Norfolk, Va. – Virginians voted back in 2006 to ban gay marriage across the state. Now, in 2013, a Norfolk couple is not only taking the Commonwealth to court over it they want the law to stop being enforced while their lawsuit is being decided.
“We have lived our lives with dignity, honesty, and openness. We are a married couple, and we would like to be recognized as a married couple,” said Tim Bostic, a professor at ODU and one of the plaintiffs in the lawsuit.
Bostic and his partner of 24 years, Navy vet Tony London, filed a lawsuit in federal court back in July, after they were denied a marriage license by the Clerk of Circuit Court in Norfolk.

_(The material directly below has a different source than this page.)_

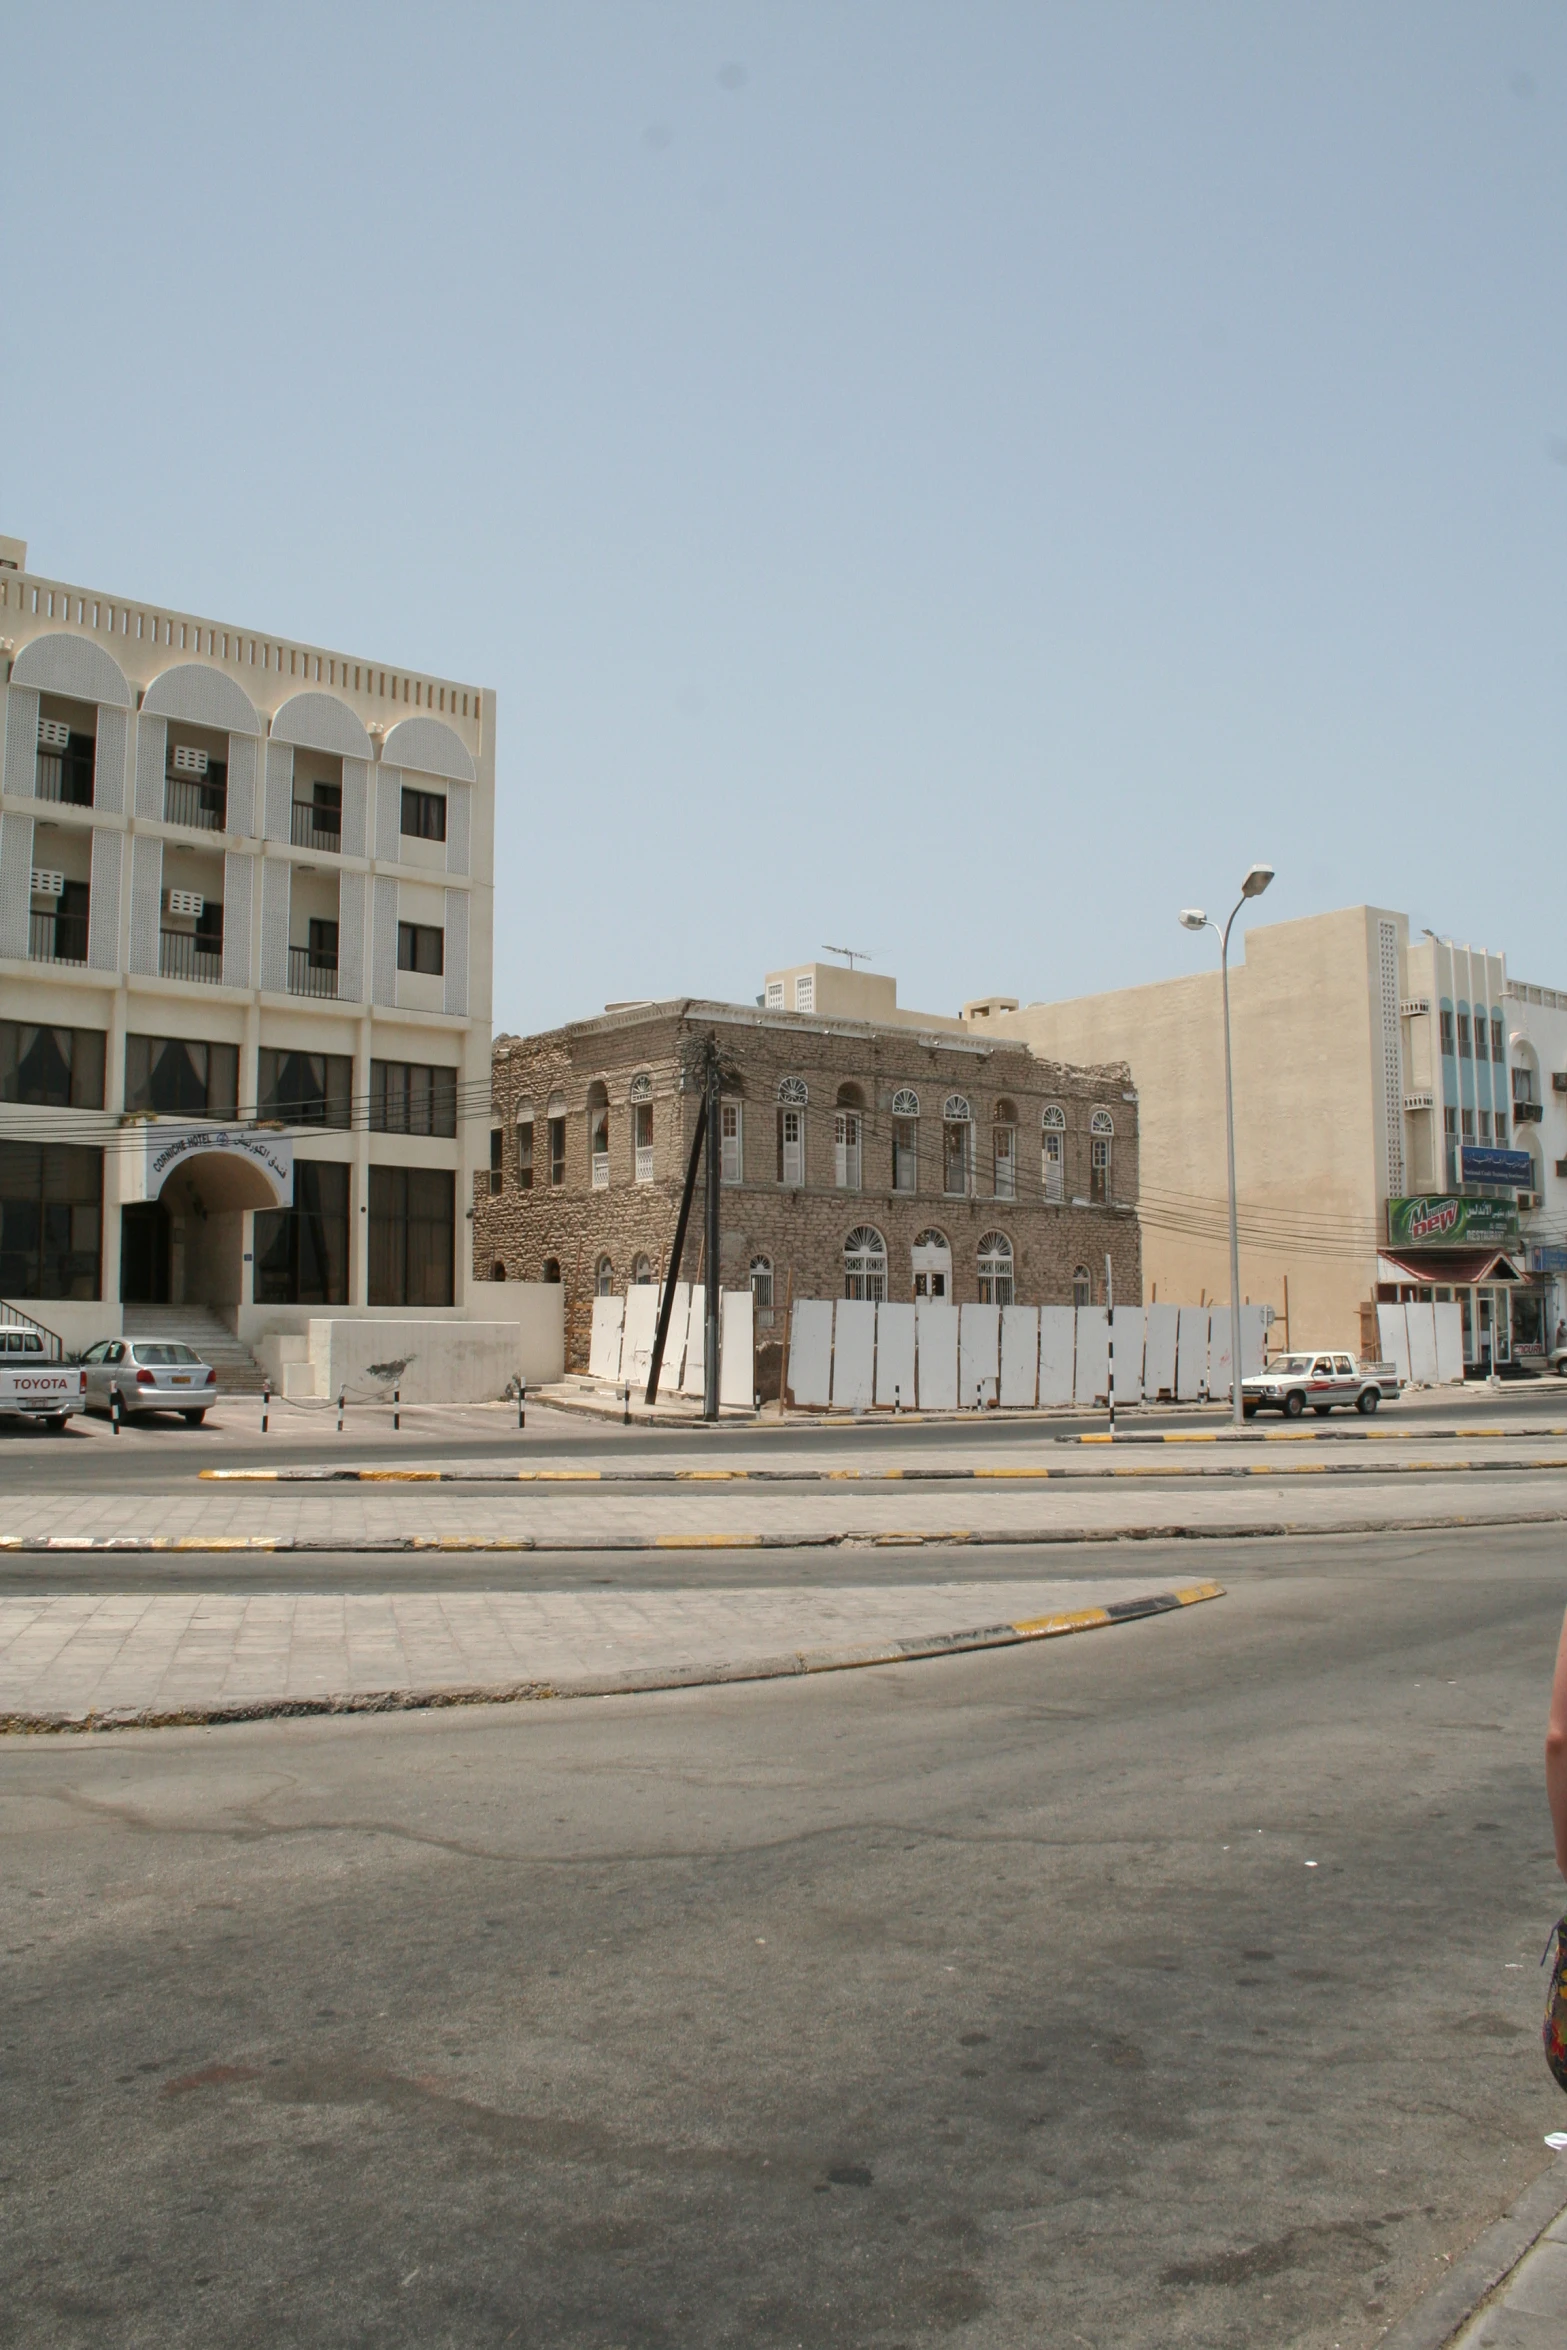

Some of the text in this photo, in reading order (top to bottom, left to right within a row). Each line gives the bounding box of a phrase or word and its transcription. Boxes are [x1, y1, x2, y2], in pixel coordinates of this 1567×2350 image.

[153, 1133, 212, 1173] CORNICHE HOTEL
[268, 1156, 288, 1179] فندق
[13, 1378, 68, 1390] TOYOTA
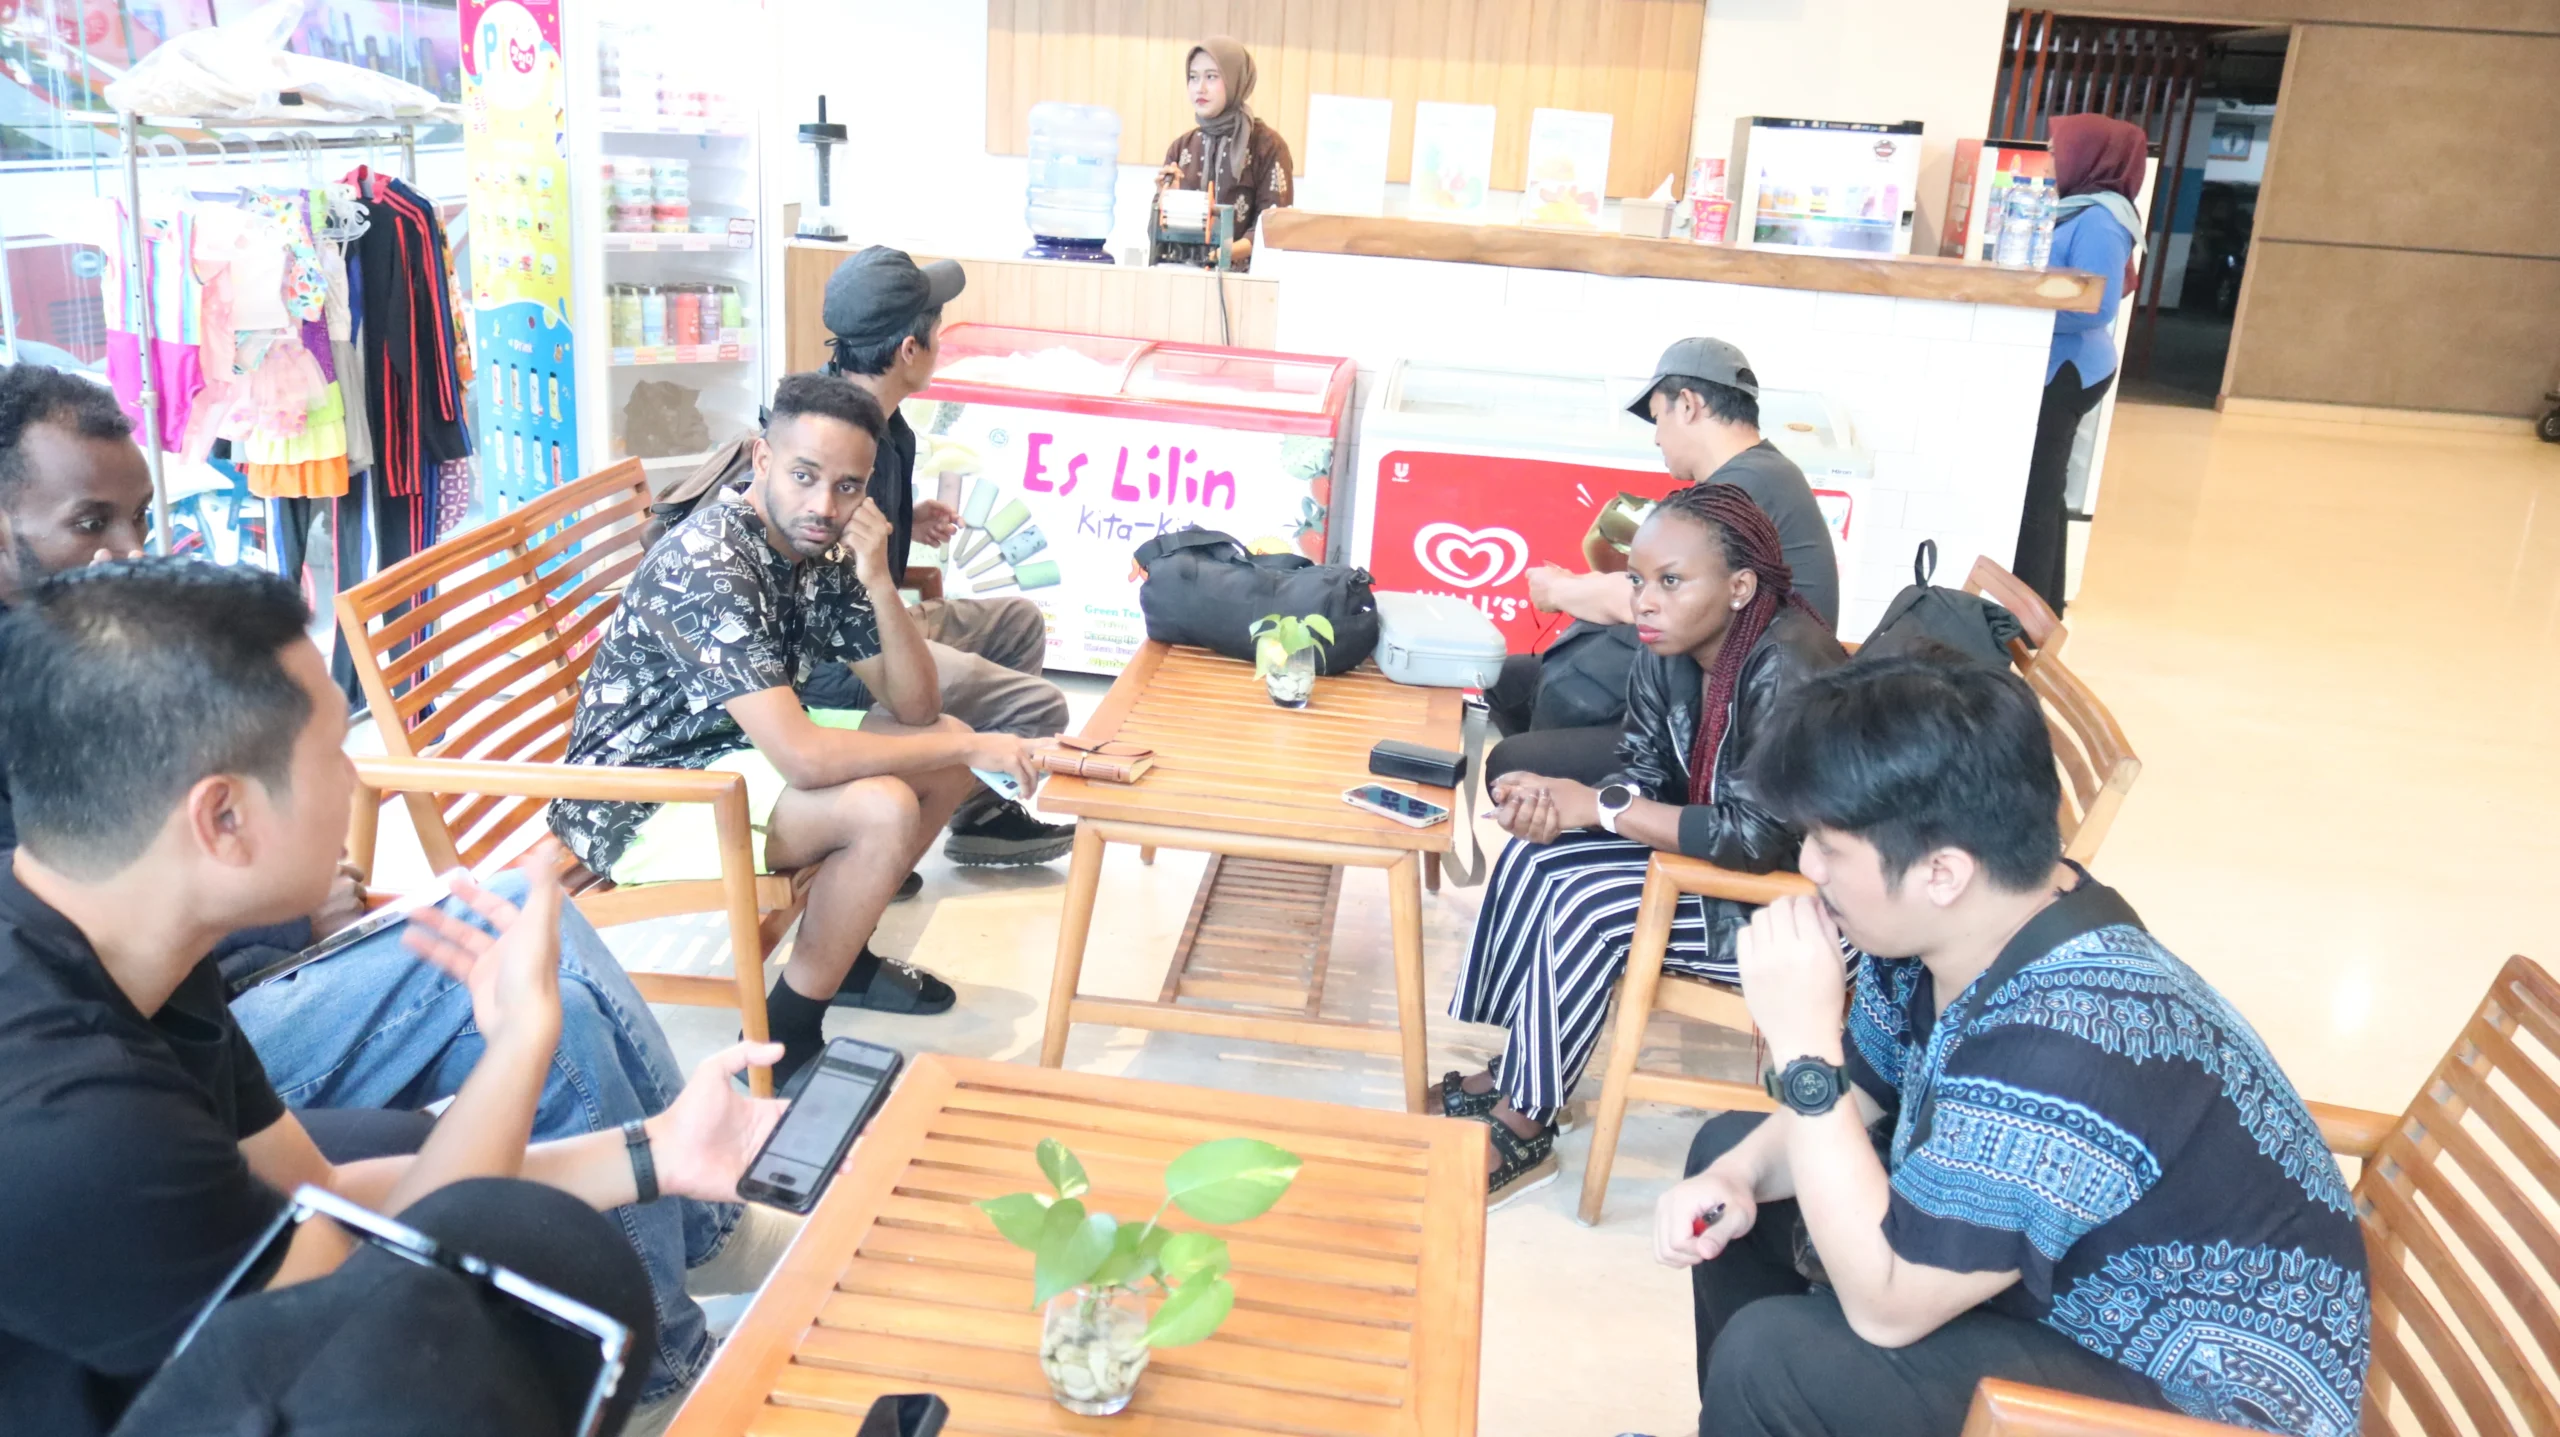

“I served my country, got injured serving my country, and its very important to me to know that I am part of this country,” said London.
Monday, this couple added some major firepower to their case.
The attorneys who successfully fought against California’s Prop 8 Amendment will now help represent them.
Those lawyers immediately filed several motions in Norfolk Federal Court asking a judge to make a quick ruling in their favor to avoid a jury trial; and to actually make Virginia’s constitutional amendment immediately null and void, so gay couples around the state can marry until the case is settled.
I don’t want to go to Maryland and come home and not be married,” said Bostic. “I want the real thing.”
Their goal is to eventually get this case in front of the Supreme Court, and overturn the state’s constitutional amendment.
Virginia Attorney General Ken Cuccinelli has already said he will fight to uphold the ban on gay marriage.
Norfolk Circuit Court Clerk George Schaefer is actually named as a defendant in the case, since his office denied Bostic and London their marriage license.
Schaefer didn’t want to comment to NewsChannel 3, instead referring us to his lawyers, who sent this statement:
“Poole Mahoney has been retained to represent George Schaefer, the Norfolk Circuit Court Clerk in the lawsuit filed in the Eastern District of Virginia federal court challenging the constitutionality of Virginia law as it relates to same-sex marriage. Mr. Schaefer cannot comment on the case since this is pending litigation. However, as a constitutional officer, he is required to follow all existing laws and regulations when fulfilling his duties and responsibilities.”